The influence of Augustine 

Evangelical-Fundamentalism is generally wary of the earthly being associated with the spiritual. As I have briefly mentioned, this attitude was inherited from the Reformers who, in their own way, adopted it from Rome's understanding of Augustine.(1) Let me refresh our memories. Augustine's theological system saw the world as being divided into two distinct parts: the world of the spirit, and the world of matter. The material world was understood as something that is always divorced, distinct, and separate from anything resident in God's realm, i.e., the invisible domain of the spirit.

In this spirit-matter division, Augustine has a great a great deal of similarity to Platonic philosophy.(2) Platonism saw the spiritual world as being the only real (or ideal) world; the material world was but an image or shadow of that reality. Augustine sympathized with this distinction. In fact, it was this division between matter and spirit that lay behind his understanding of a sacrament as "an outward and visible sign of an inward and invisible grace." To Augustine, the reality of a sacrament was spiritual-something which was cloaked behind the material and "visible sign." Not only did this formula become a popular Roman Catholic definition, but it found its way into all the major Reformation catechisms as well.(3)

What then is sacramental grace, and how is it received? The Roman Catholicism of the Middle Ages answered that question by saying that grace was the "saving power" energizing the sacraments. The Reformers held a similar view, but most of them qualified this understanding by affirming that it was one's faith in what the elements represented, not the elements themselves, that communicated God's grace. In both contexts grace was not understood as "favor," its literal Biblical meaning. Grace was redefined by Augustinian-schooled scholastics as an "energy" able to bring the Christian alongside of God. The "Reformed" Augustine is little different from the "Catholic" Augustine. In both systems, grace is understood as a non-personal substance, not a direct, intimate communion of God with the believer. The reason for this deduction was clear: matter is matter and God is God, and never the two shall meet.(4)
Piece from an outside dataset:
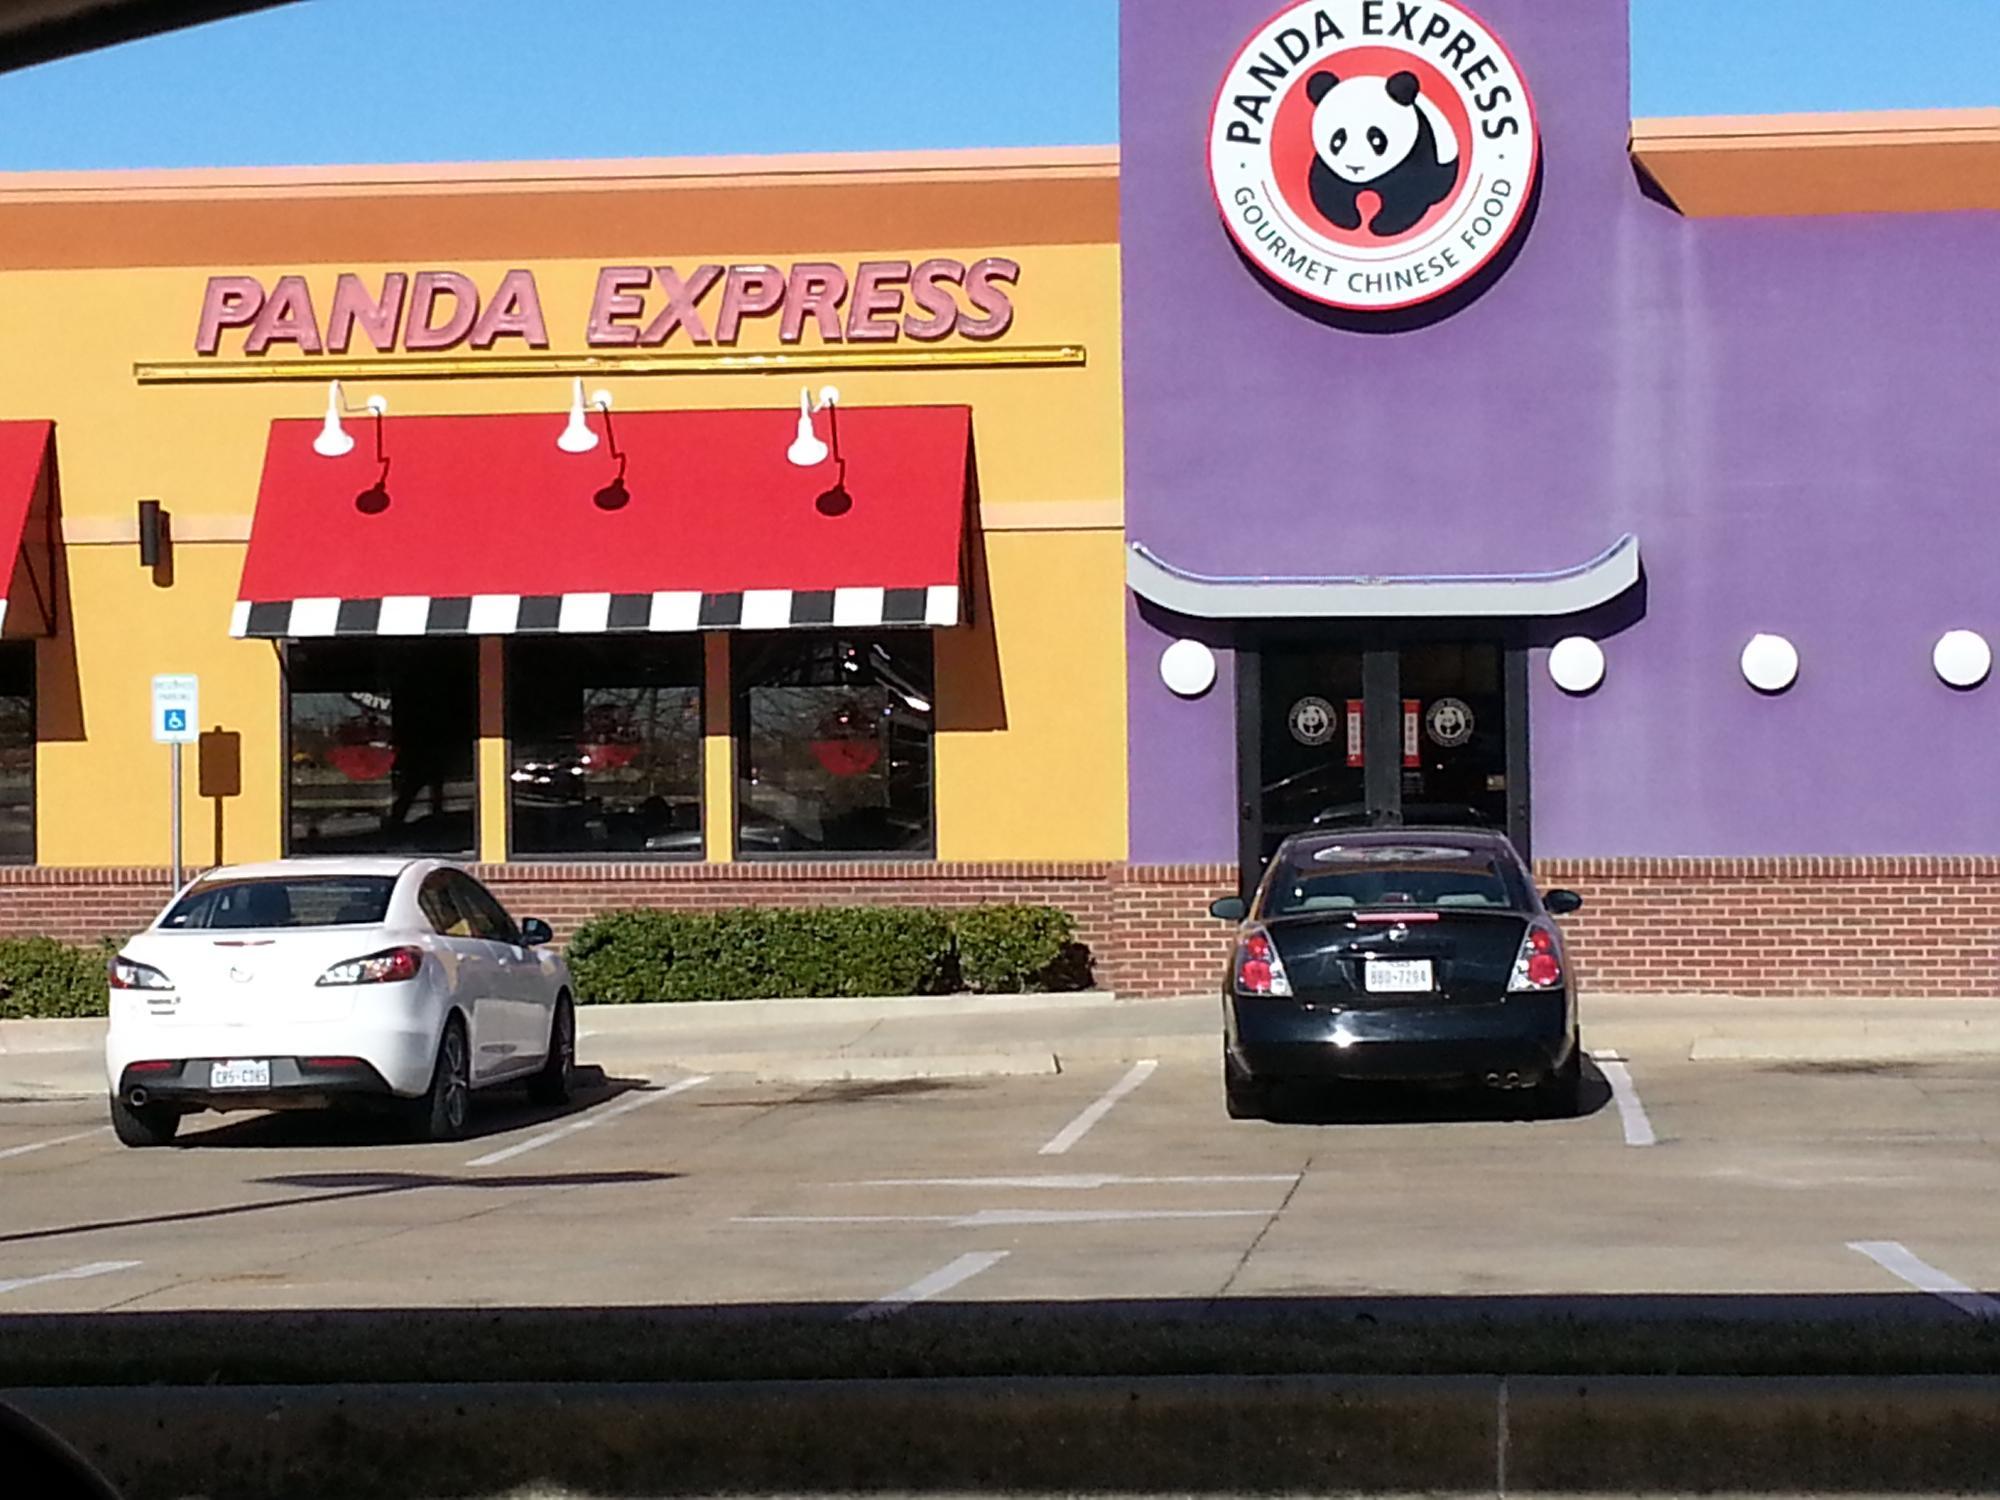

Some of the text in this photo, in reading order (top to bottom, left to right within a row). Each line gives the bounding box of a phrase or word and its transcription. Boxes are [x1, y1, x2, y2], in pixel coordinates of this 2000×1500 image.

[1226, 0, 1519, 145] PANDA EXPRESS
[1234, 179, 1512, 293] GOURMET CHINESE FOOD
[194, 257, 1020, 357] PANDA EXPRESS
The Chasm Between Matter and Spirit: The Evil of Flesh and Blood

In general, the various streams of Protestant Christianity have often flowed in sympathy with Augustine, Platonism, and pietism Humanism. Luther, himself a former Augustinian monk, clearly reflected an Augustinian dualism in his theological  treatises and Biblical exegesis.(5) Calvin was also heavily influenced by these schools of thought, having had the opportunity to study them seriously for years.(6) The Catholic-Reformer, Desiderius Erasmus (1469-1536), was another scholar who emphasized the Platonist spirit-earth dichotomy,(7) and his thinking made a significant impact on Anabaptist sacramental thinking.(8) Lastly, Zwingly, a man whose influence within Fundamentalism is still very much present, also demonstrated his allegiance to these philosophies and demonstrated it in his distrust of "outward things" in religion.(9)
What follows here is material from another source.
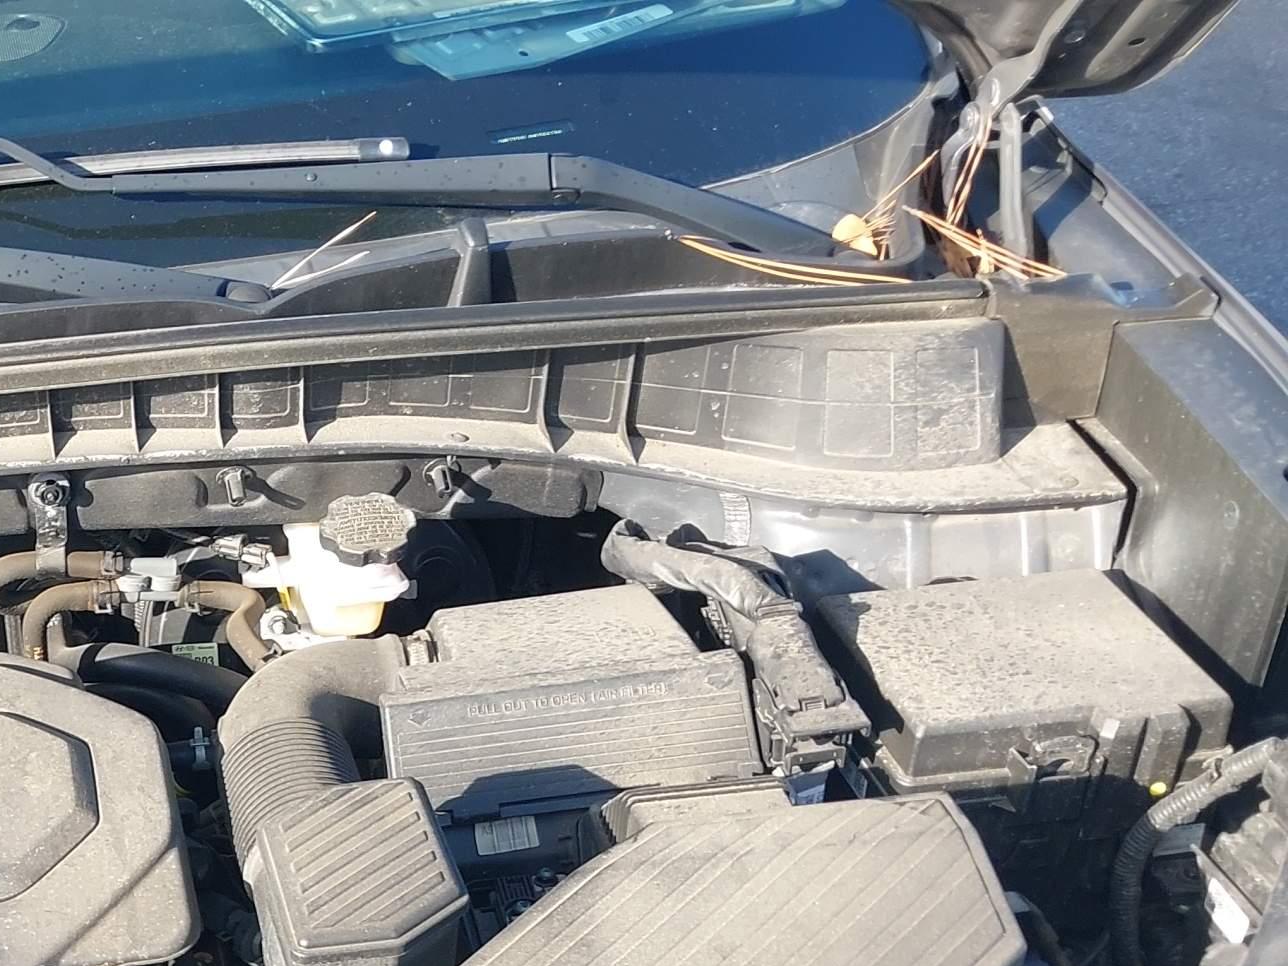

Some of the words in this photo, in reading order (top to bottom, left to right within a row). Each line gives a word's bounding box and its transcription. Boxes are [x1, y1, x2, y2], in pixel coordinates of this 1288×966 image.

[468, 702, 502, 718] PULL
[503, 699, 529, 713] OUT
[552, 691, 586, 707] OPEN
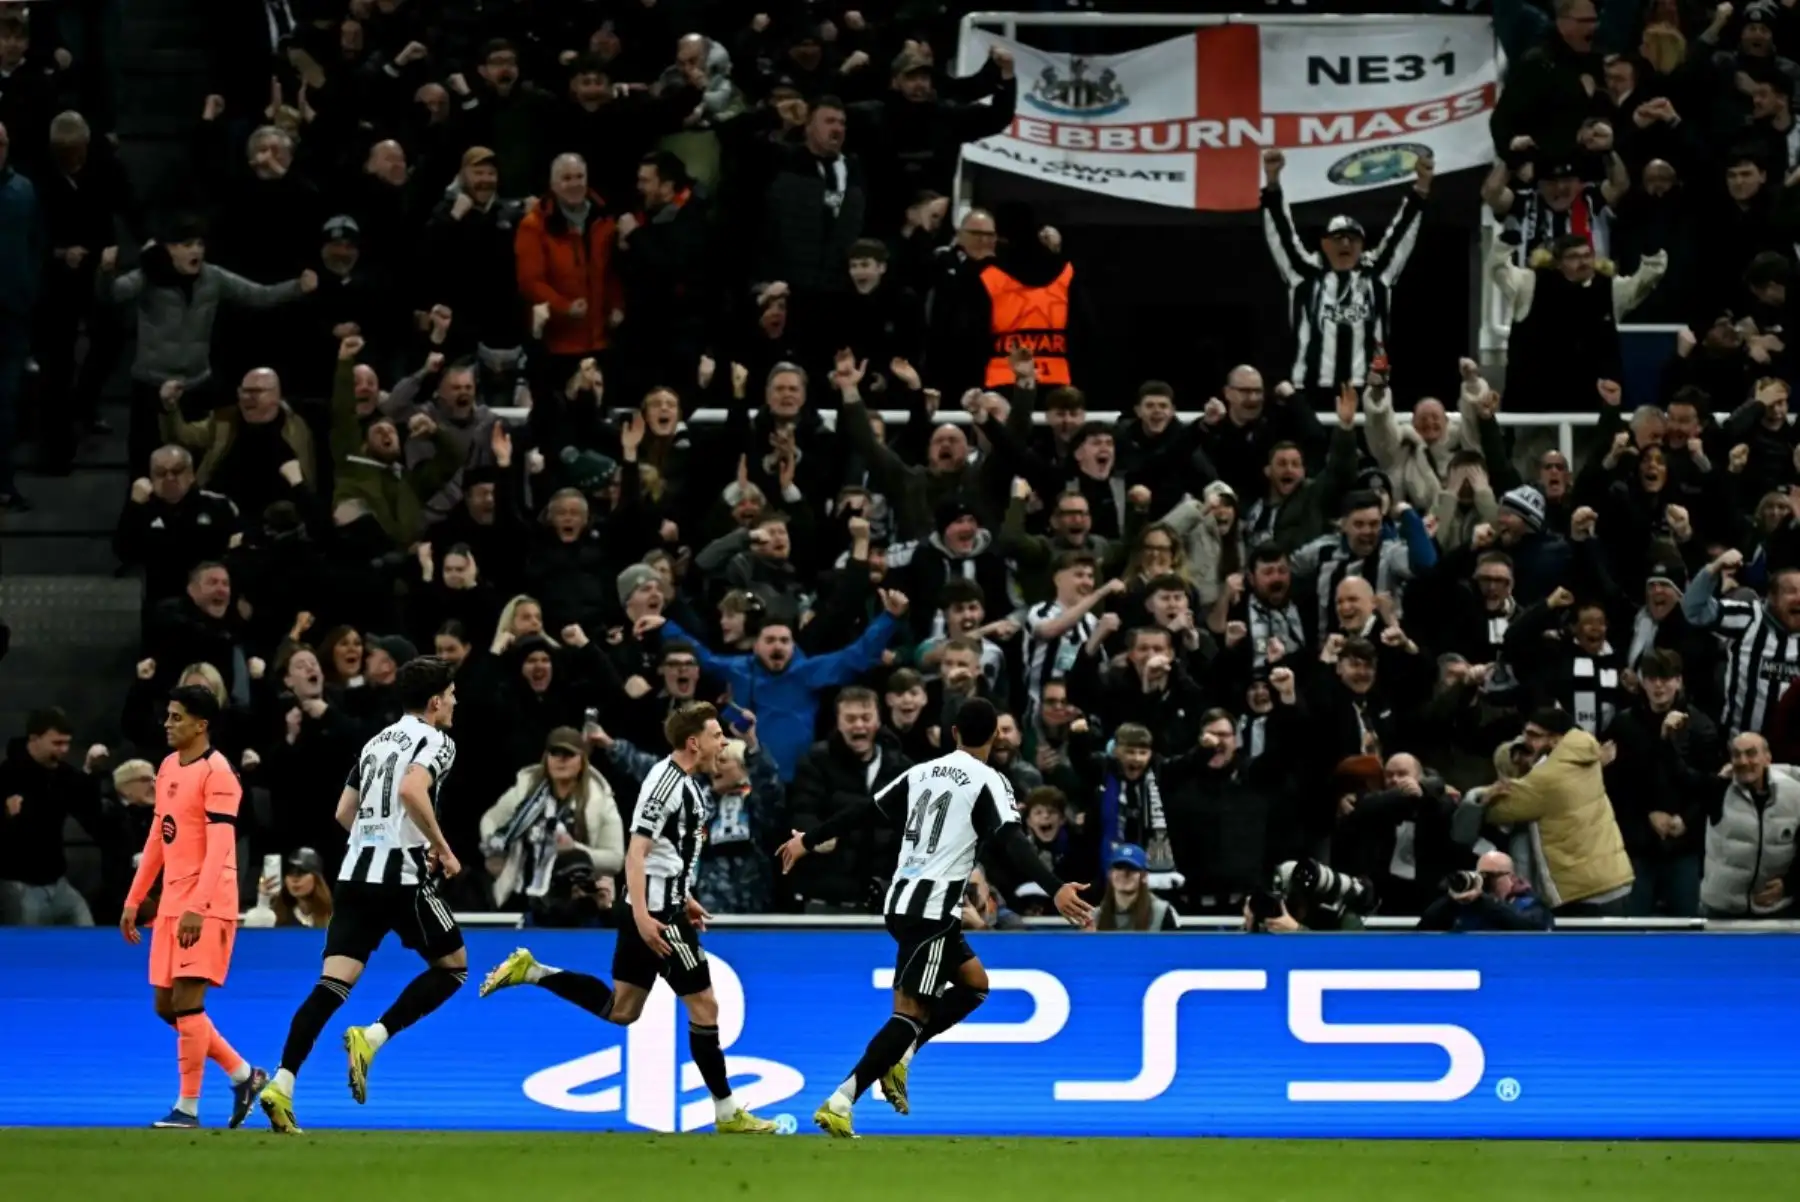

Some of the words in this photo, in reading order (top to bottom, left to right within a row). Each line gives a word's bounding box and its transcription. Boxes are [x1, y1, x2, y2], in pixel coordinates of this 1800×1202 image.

As might be expected, these perspectives encouraged a very low view of human nature. While the spirit of an individual was pure, the tactile and sensible dimension of his personhood was ignoble and base. It was not just a person's "fleshliness" (i.e., carnal appetites) that was evil, but the body's very skin and bones as well! Zwingli clearly thought this way:

The actual origin of sin Zwingli ascribes to the contrariety of soul and body, the tension between spiritual aspiration and the down-drag of carnal appetite. Thus by the 'flesh' he means the 'fleshliness' of the actual physical body, so narrowing the sense in which St. Paul uses the word. Indeed it was characteristic of Zwingli always to distinquish sharply between man's true being. That the argument is more rationalist than biblical Zwingli himsels is frank enough to admit...(10)

Zwingli extended his dualistic thinking to the point of contradicting the Church's traditional teaching on the Incarnation. For example, he taught that Christ's humanity and divinity did not inter-dwell each other.(11) Instead of understanding Christ's human nature as participating in His divine nature, he saw the two natures as merely existing "side-by-side."
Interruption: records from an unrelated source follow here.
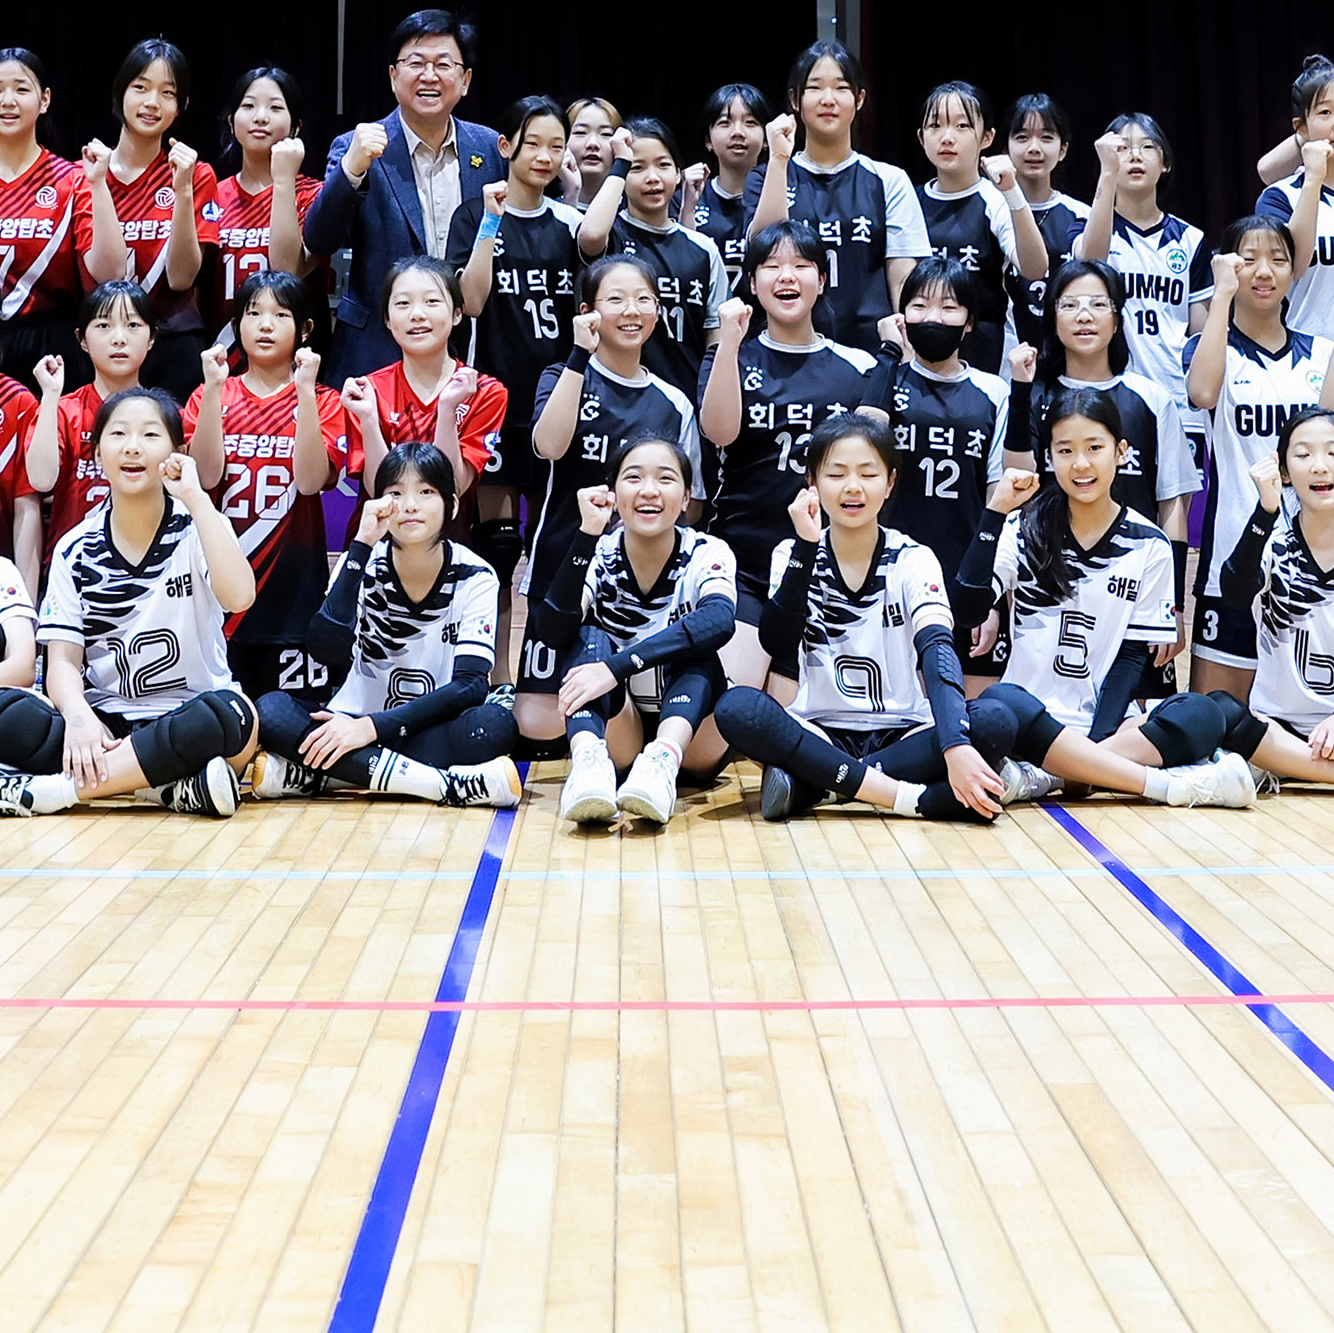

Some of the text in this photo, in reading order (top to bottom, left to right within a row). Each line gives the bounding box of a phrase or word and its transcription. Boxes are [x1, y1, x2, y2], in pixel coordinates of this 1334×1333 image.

[523, 298, 560, 341] 15
[1134, 309, 1159, 336] 19
[893, 423, 987, 460] 회덕초
[222, 465, 298, 520] 26
[918, 456, 961, 500] 12
[1107, 575, 1142, 604] 해밀
[1052, 610, 1096, 680] 5
[1202, 609, 1219, 642] 3
[107, 628, 187, 699] 12
[524, 638, 556, 680] 10
[835, 655, 886, 713] 9
What consequence did this have on his view of the sacraments? Simply this: if divinity is distinct and does not co-inhabit the humanity given to Christ, how can any spiritual reality occupy "lesser" material symbols such as bread, wine, or water? The basic Platonist teaching is again emphasized: the material world is intrinsically incompatible with that which is spiritual.(13)

Zwingli's aversion to the marriage of matter and spirit was complemented and carried further by the South German Anabaptist, Menno Simons(1496-1561). Not only is this former Roman Catholic priest the "spiritual father" of most Mennonites today, but much of his thinking is still well received by many twentieth century Fundamentalists as well.(14) Simons was similar to Zwingli in his strong repugnance to the idea that divinity could co-reside within Christ's humanity. But unlike the Swiss Reformer, he did not divide Christ into two separate entities. Instead, he taught that Christ had only one nature-a divine one.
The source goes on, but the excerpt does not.